German Candle tree reprise: We light the candles again and turn out the lights. On this night we read something like How the Grinch Stole Christmas rather than Luke 2.
Why:It brings a spirit of calmness to the end of our Christmas day and reconnects us with the spiritual heart of the holiday.

Other traditions which we used to have, or which I like the idea of, but which are extremely hit and miss for our family:
Caroling
Sending out Christmas cards
Giving treats to neighbors
Giving gifts to teachers
Driving around to look at Christmas lights
Outdoor Christmas lights on our house

Parenting Challenges of the Christmas Season

Christmas is a season full of parenting challenges. Somehow I must sift through all the loud proclamations of desire and protestations of need to determine what is actually the best gift for each of the children. In deciding upon gifts I need to find a balance between long-term usefulness and Christmas morning joy. I also have to balance size and cost so that none of the four children feels slighted. All of this must be done within a budgeted amount of money. There are always last minute shifts in interest or need. And sometimes wants and needs are significantly divergent.

Additionally I must try to teach my children something larger about giving and how to go about it. They each must participate in the selection of gifts for siblings and parents. I have to teach them how to discern what a sibling would want that we can actually afford to give. Despite the fact that it is so much simpler for me to just select gifts for them to give to each other, I have to figure out how to let them do the picking. Then there are the little educational speeches about how to behave when we give and receive gifts, which are aimed at making the present opening a conflict-free experience.

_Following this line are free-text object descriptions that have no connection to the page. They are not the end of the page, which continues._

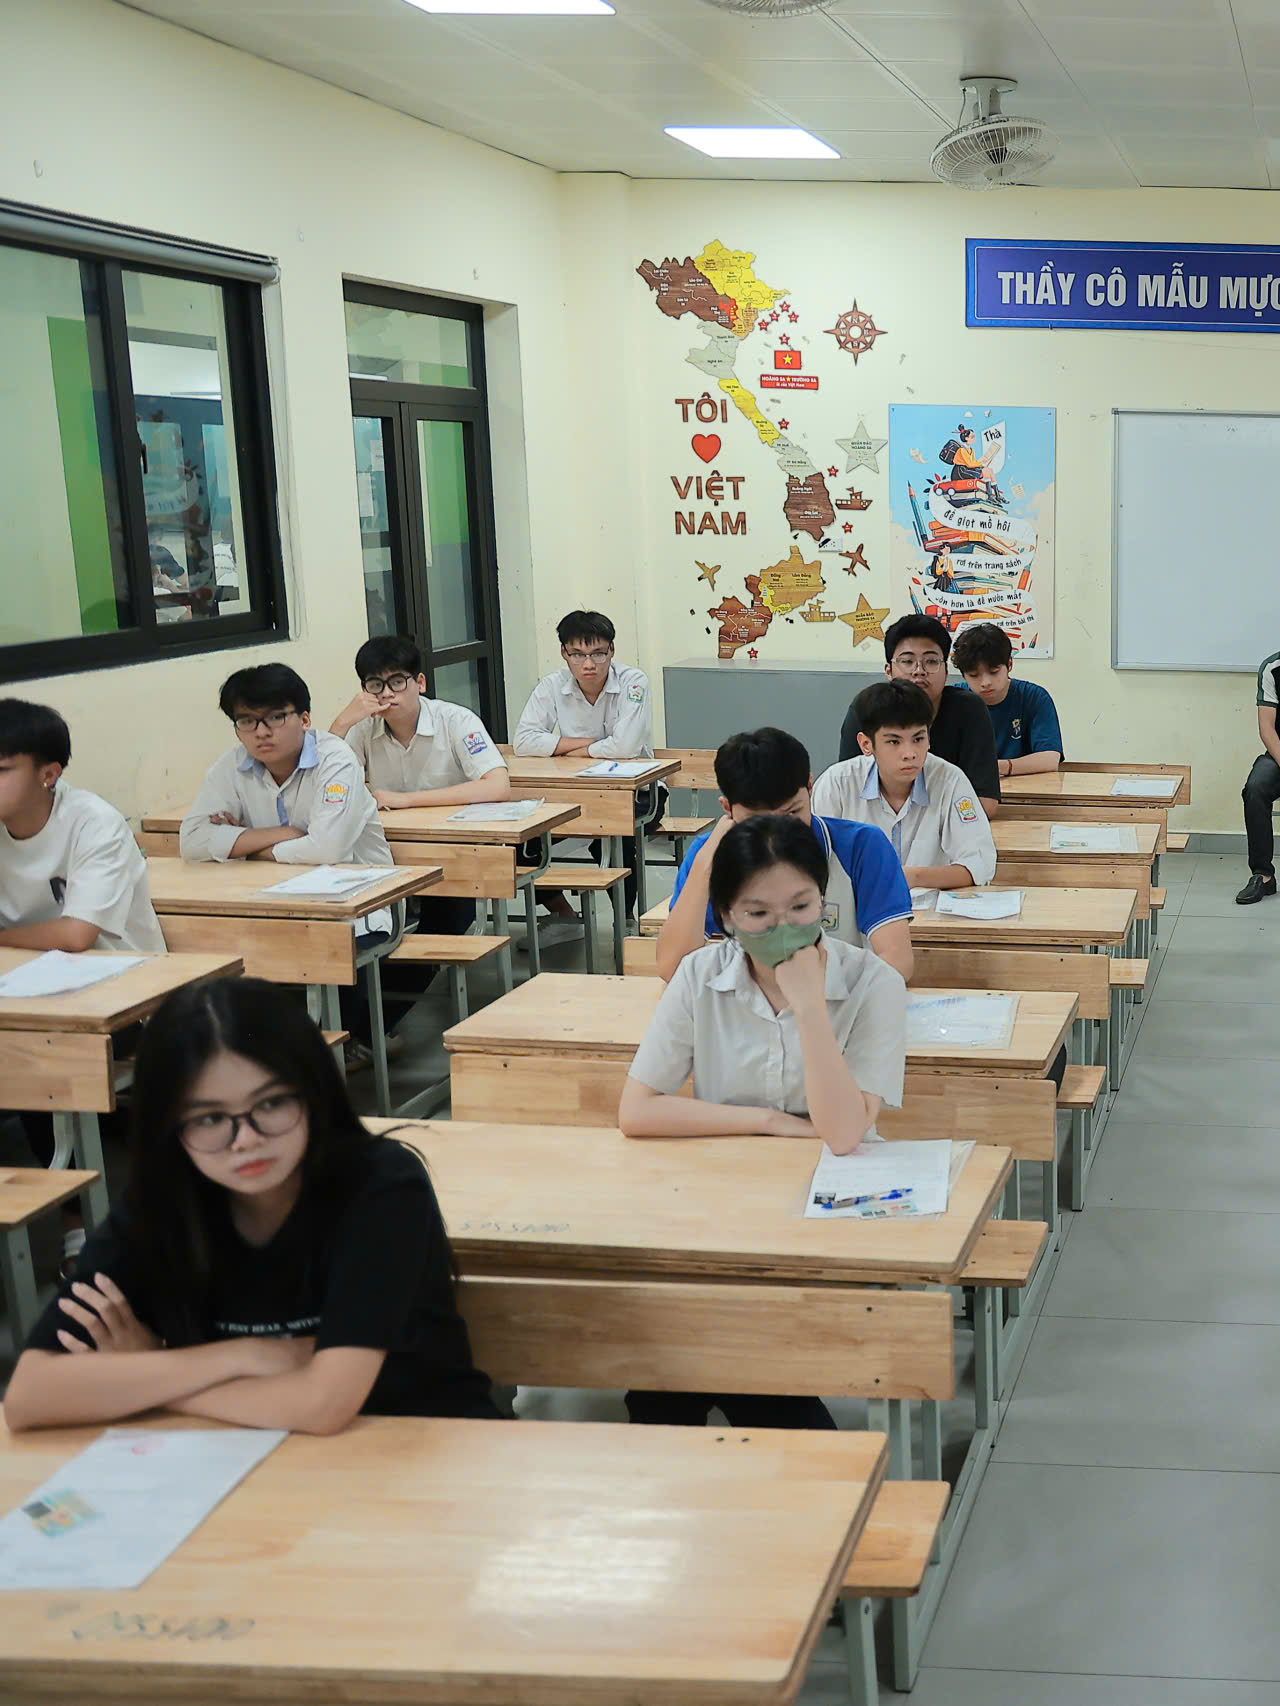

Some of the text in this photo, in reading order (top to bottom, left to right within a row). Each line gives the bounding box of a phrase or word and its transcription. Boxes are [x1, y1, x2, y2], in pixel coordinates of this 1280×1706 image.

[997, 260, 1076, 305] THẦY
[1085, 266, 1127, 307] CÔ
[1137, 262, 1208, 309] MẪU
[675, 392, 728, 423] TÔI
[984, 427, 1002, 443] Thà
[670, 470, 745, 506] VIỆT
[674, 511, 747, 535] NAM
[943, 509, 1011, 532] để giọt mồ hôi
[967, 561, 982, 569] trên
[984, 562, 1004, 570] trang
[1005, 558, 1022, 568] sách
[966, 599, 974, 608] là
[988, 594, 1004, 603] nước

Along with the responsibility to teach about giving, I also have religious responsibilities to teach the spiritual meanings of the holiday. Somehow this needs to be framed in a way that is meaningful to each child. One size does not fit all. Lessons about service and giving outside our immediate family are also important to feature. These things must be scheduled and framed in such a way that they are positive for our family and don’t kill the budget.

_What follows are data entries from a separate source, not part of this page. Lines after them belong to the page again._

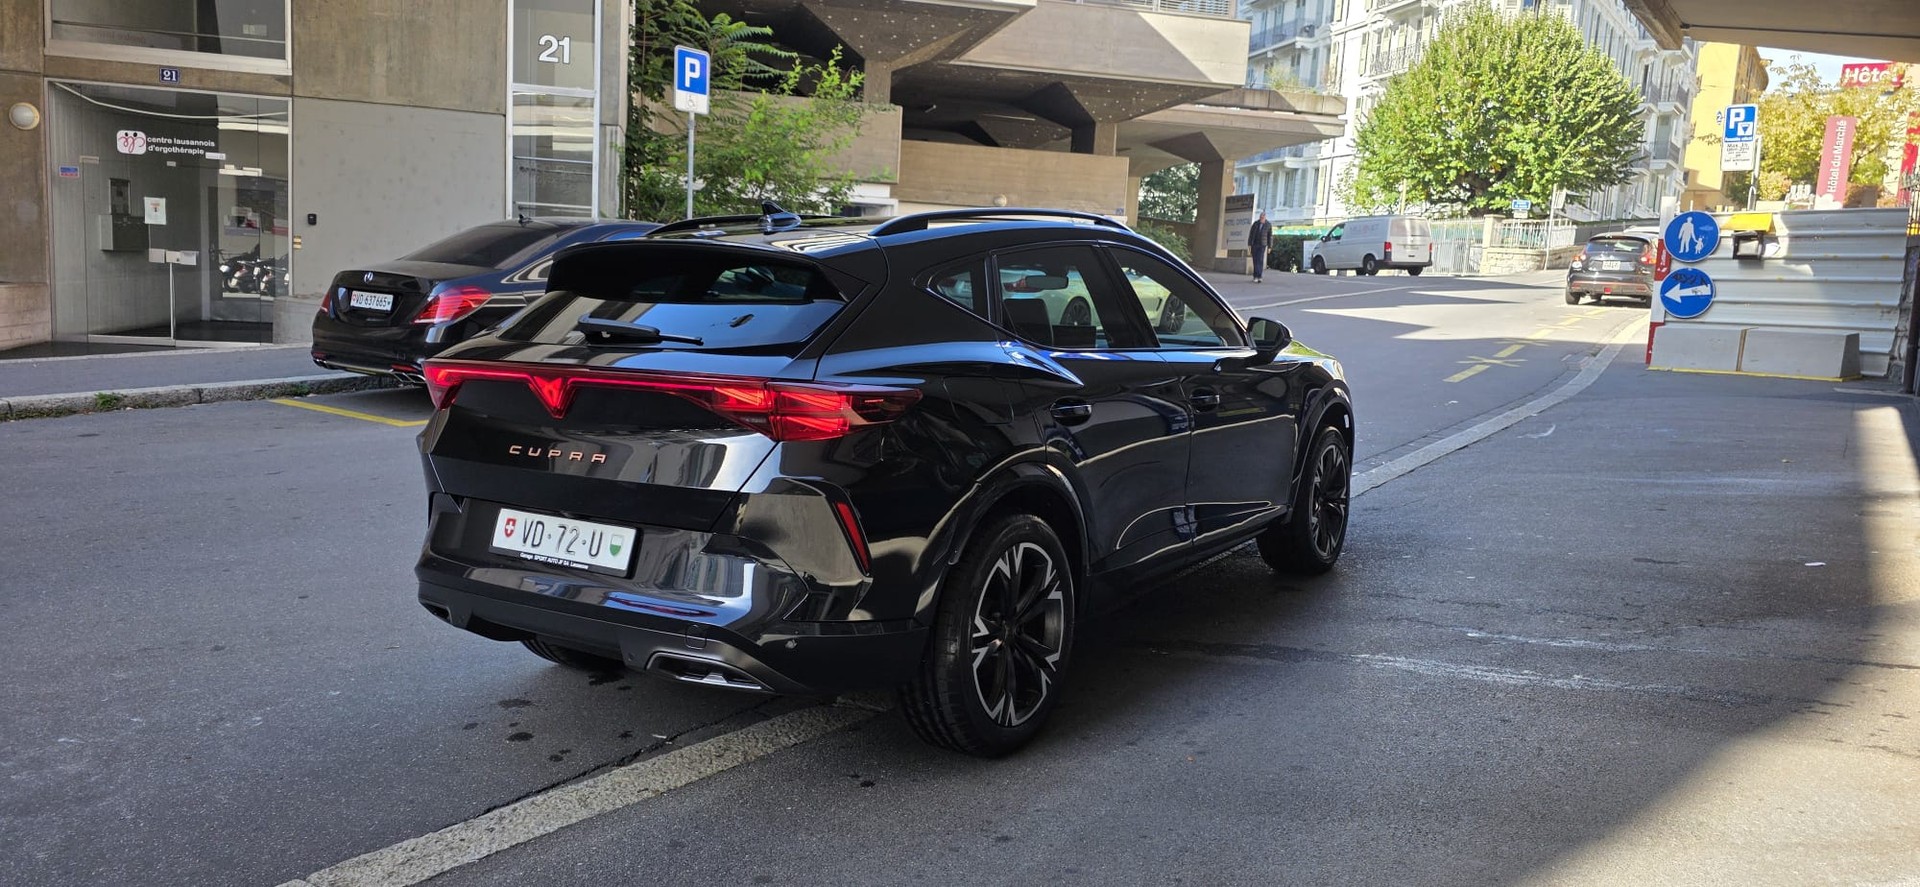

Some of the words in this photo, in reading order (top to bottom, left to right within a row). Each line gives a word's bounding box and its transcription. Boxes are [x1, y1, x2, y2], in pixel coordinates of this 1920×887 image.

[537, 34, 571, 64] 21
[163, 69, 176, 81] 21
[685, 57, 701, 88] P
[1729, 108, 1745, 129] P
[147, 136, 172, 144] centre
[173, 138, 215, 147] lausannois
[1833, 119, 1847, 154] Marché
[148, 145, 204, 155] d'ergothérapie
[1831, 155, 1841, 168] du
[1827, 168, 1840, 193] Hôtel
[356, 293, 364, 305] VD
[509, 445, 607, 464] CUPRA
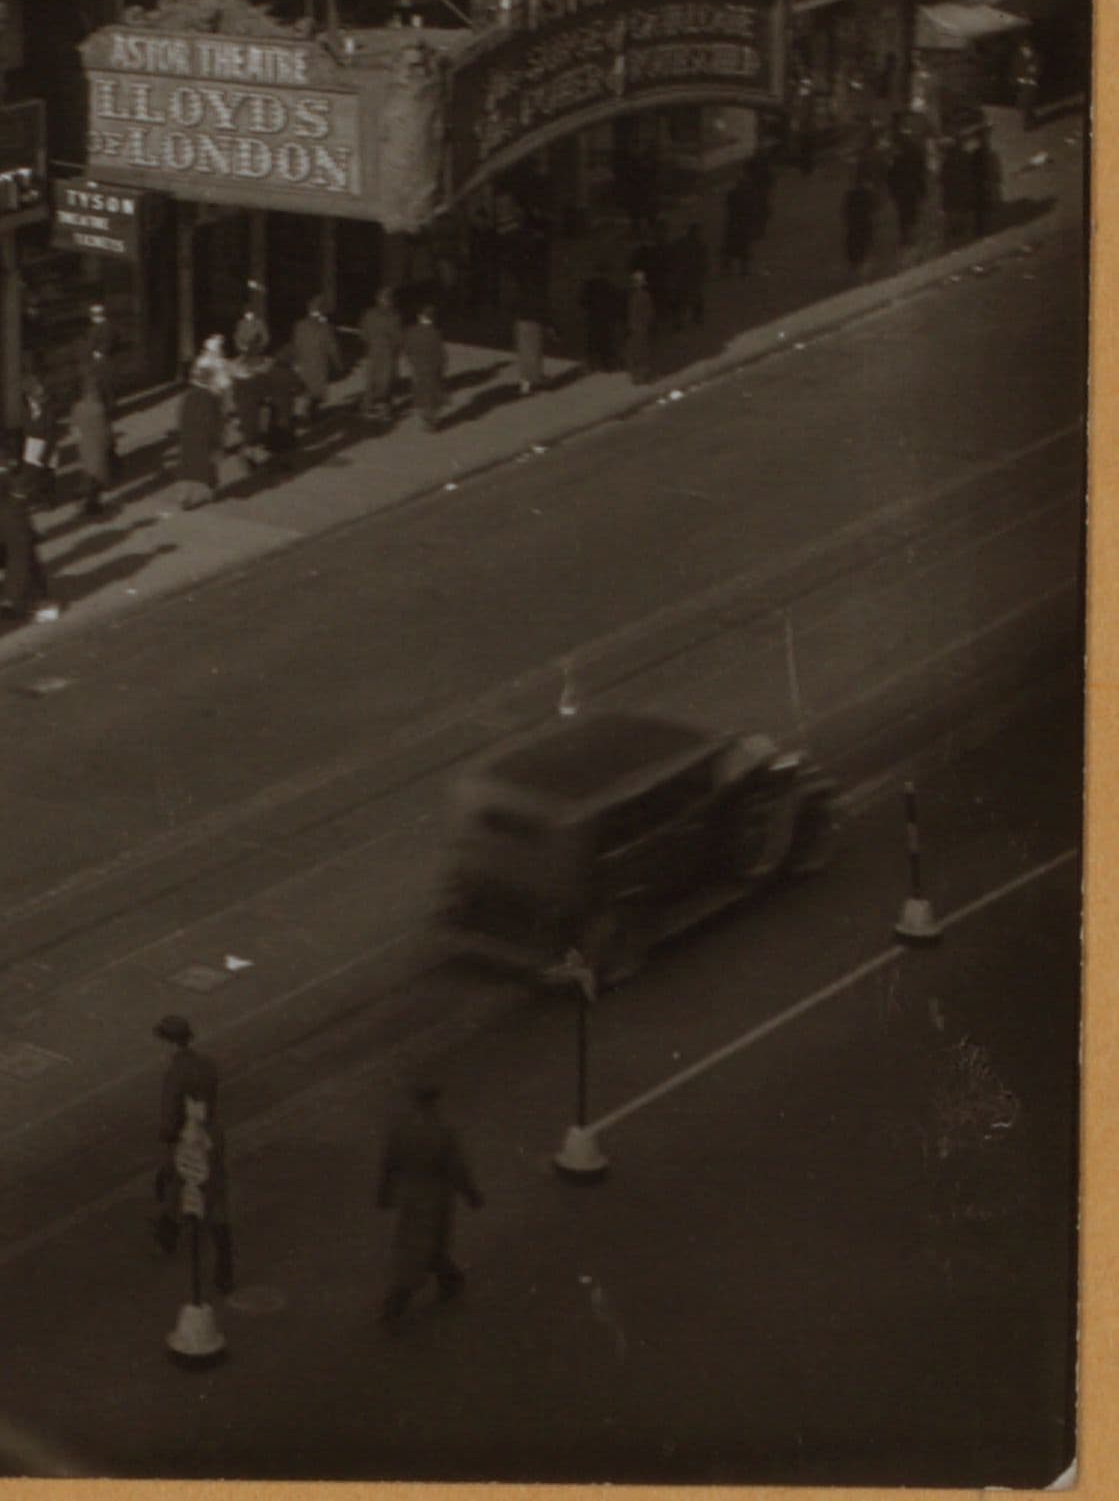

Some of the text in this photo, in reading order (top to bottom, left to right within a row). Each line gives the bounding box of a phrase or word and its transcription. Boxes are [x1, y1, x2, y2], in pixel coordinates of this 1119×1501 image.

[110, 32, 312, 85] ASTOR THEATRE
[94, 78, 331, 140] LLOYDS
[88, 126, 353, 194] OF LONDON

Cultural events abound during the holidays. Surely I should add some of these into our lives so that we may be enriched.

Then comes Christmas day itself. Allowing the children to tear through their presents in under an hour leaves the whole rest of the day feeling somewhat anticlimactic. It also means that the kids are so focused on the next present that they do not focus on the one in their hands. Thus evolves a series of seemingly-torturous-to-young-children rituals whose sole purpose is to slow down the events of Christmas. Much of the joy of Christmas is in the anticipation and so it must be extended and released as slowly as possible.

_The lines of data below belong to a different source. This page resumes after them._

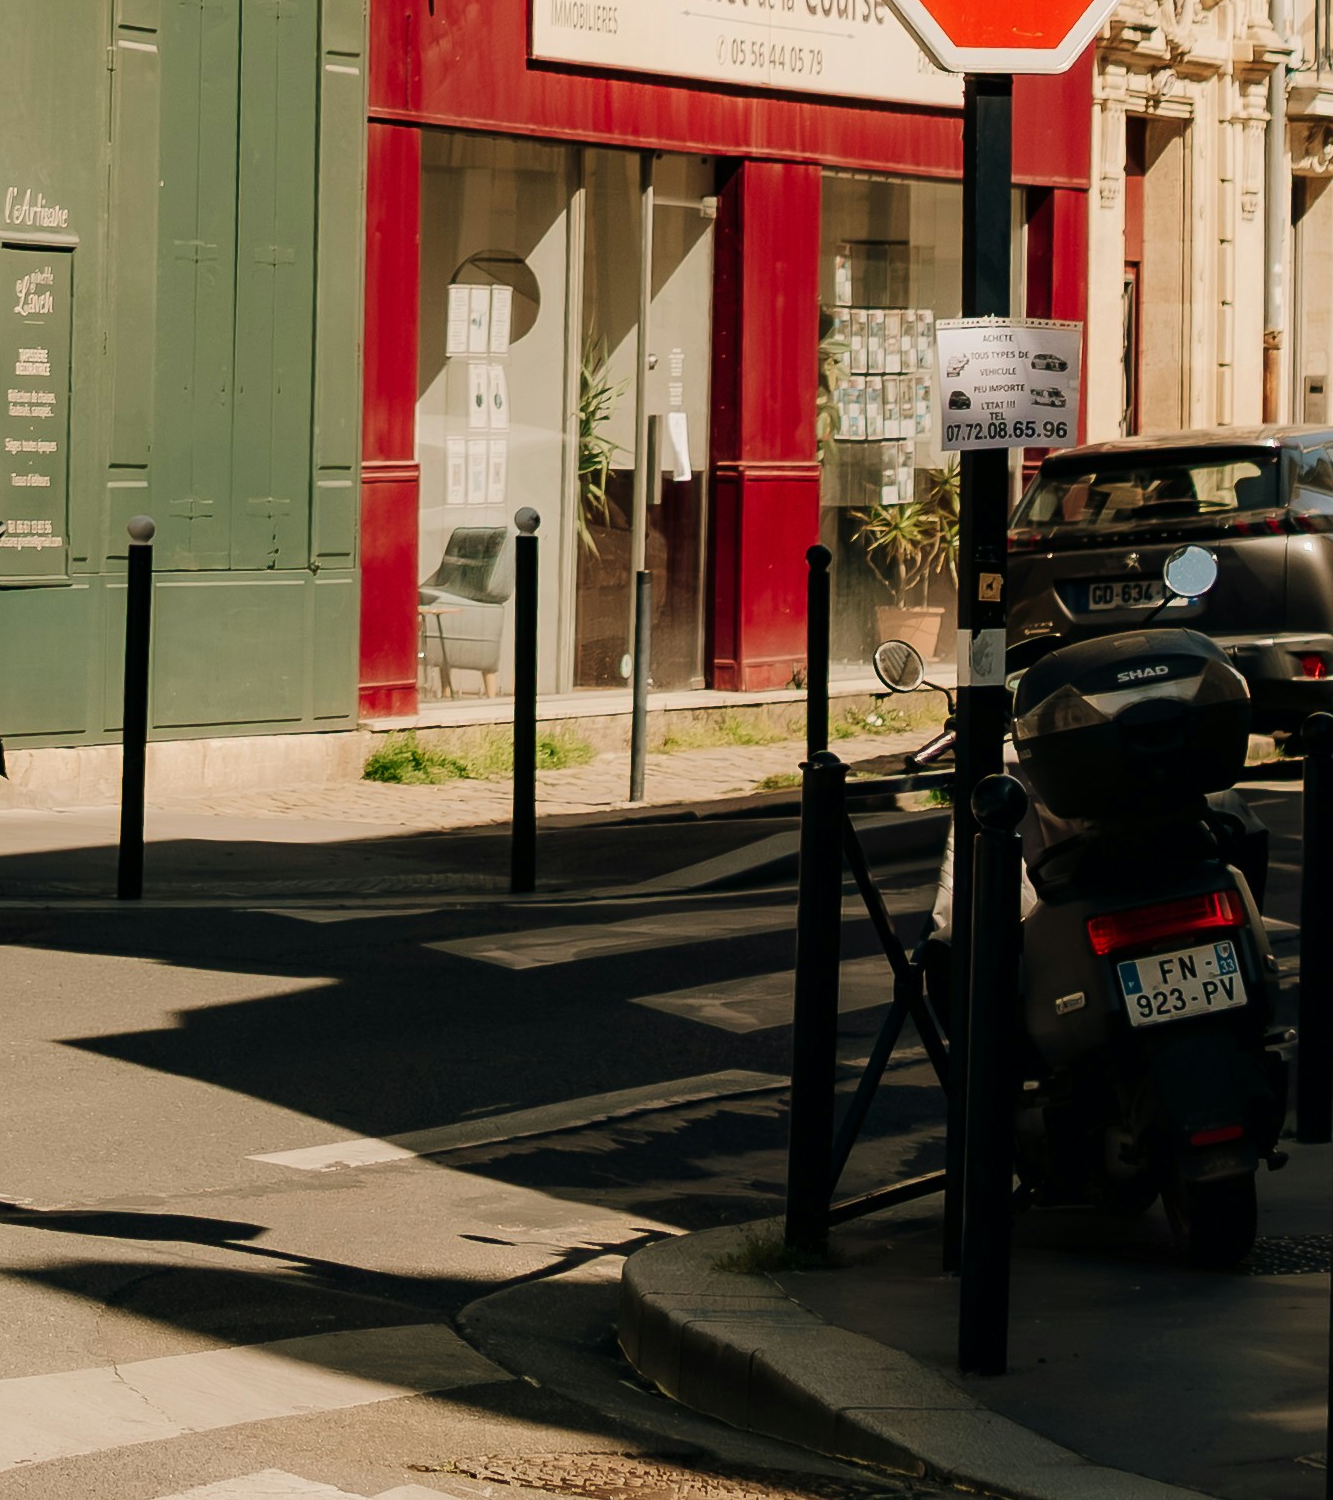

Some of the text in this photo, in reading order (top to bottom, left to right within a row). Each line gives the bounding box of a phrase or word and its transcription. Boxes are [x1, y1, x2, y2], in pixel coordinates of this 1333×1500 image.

[732, 38, 823, 76] 05 56 44 05 79
[982, 333, 1014, 343] ACHETE
[970, 350, 1030, 360] TOUS TYPES DE
[979, 367, 1017, 377] VEHICULE
[973, 383, 1026, 393] PEU IMPORTE
[989, 411, 1006, 421] TEL
[946, 420, 1068, 443] 07.72.08.65.96
[1117, 665, 1169, 683] SHAD
[1136, 976, 1236, 1019] 923-PV

Last year I orchestrated a beautiful Christmas for my family. By dinner time I was a wreck, too tired to appreciate what I had created. So this year I somehow need to do all of the above, while also making sure that I do not overload myself.

Ha.

I think the core of sanity in my holiday season is to realize that Christmas is a community created event. I need to stop trying to create Christmas for my family and allow us all to create it for each other. This was the philosophy behind my laissez faire approach to decorating. It is also why I had a brief conference with each child about what they’d like to get for siblings. Then I acquired those things, but waited for the kids to be interested in present wrapping. They each did their own wrapping this year, which allowed them to focus on the gift and the person to whom they were giving it. Hopefully that will create an emotional connection that has them excited about giving on Christmas morning. The kids will be prepping the food for Christmas day. Much of this will be done in advance so that no one slaves for hours in the kitchen solo.

Even in writing this blog entry, I am still plotting and planning. I need to let go and trust that we have enough good structures built over many years. These solid traditions do not need me to steer quite so fervently as I did in the years when we were establishing traditions. I need to relax my grip a little.